== Work instructions ==
Leave out the pictures and copy everything else in the entries exactly.

Segment Start: Supplied material

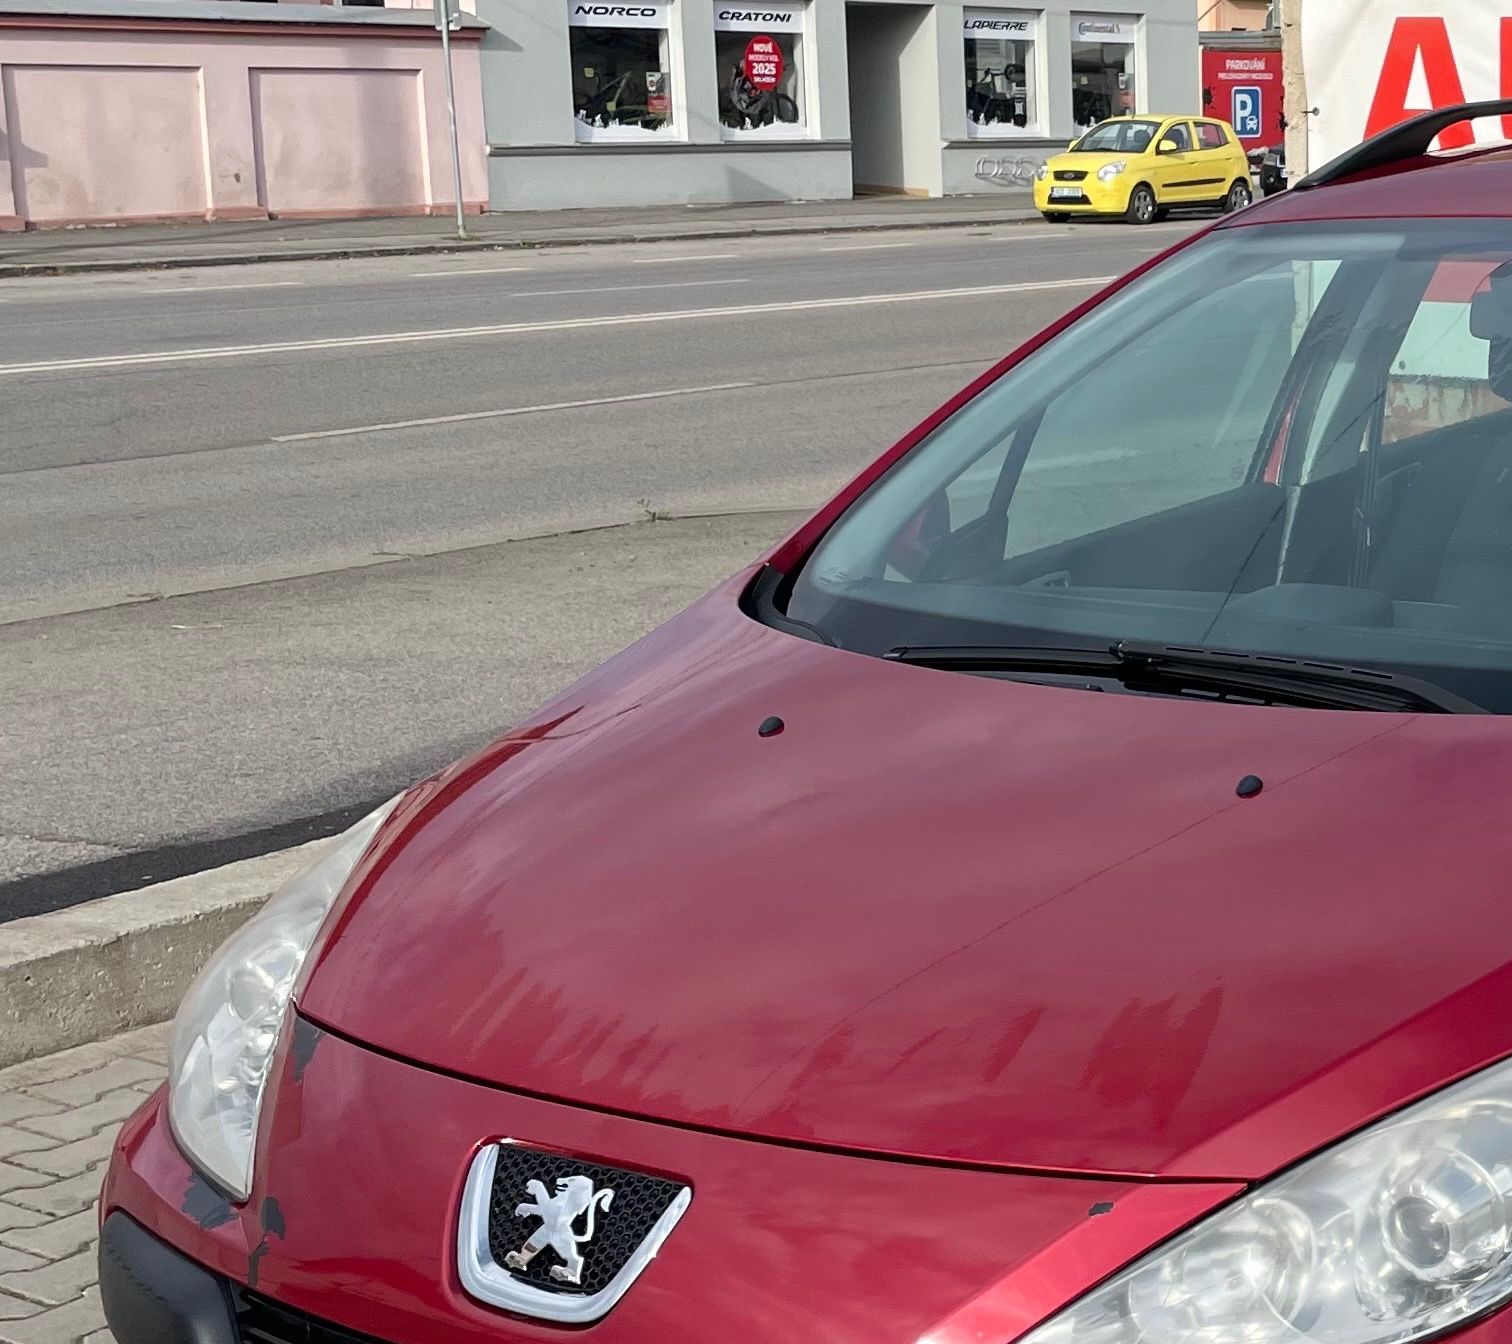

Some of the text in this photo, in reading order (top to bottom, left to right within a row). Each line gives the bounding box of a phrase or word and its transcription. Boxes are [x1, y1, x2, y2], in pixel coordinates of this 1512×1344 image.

[575, 5, 657, 17] NORCO
[718, 10, 792, 23] CRATONI
[963, 19, 1029, 32] LAPIERRE
[752, 62, 776, 75] 2025
[1235, 93, 1253, 131] P

Segment End: Supplied material

== Completed task ==
Some of the text in this photo, in reading order (top to bottom, left to right within a row). Each line gives the bounding box of a phrase or word and its transcription. Boxes are [x1, y1, x2, y2], in pixel coordinates of this 1512×1344 image.

[575, 5, 657, 17] NORCO
[718, 10, 792, 23] CRATONI
[963, 19, 1029, 32] LAPIERRE
[752, 62, 776, 75] 2025
[1235, 93, 1253, 131] P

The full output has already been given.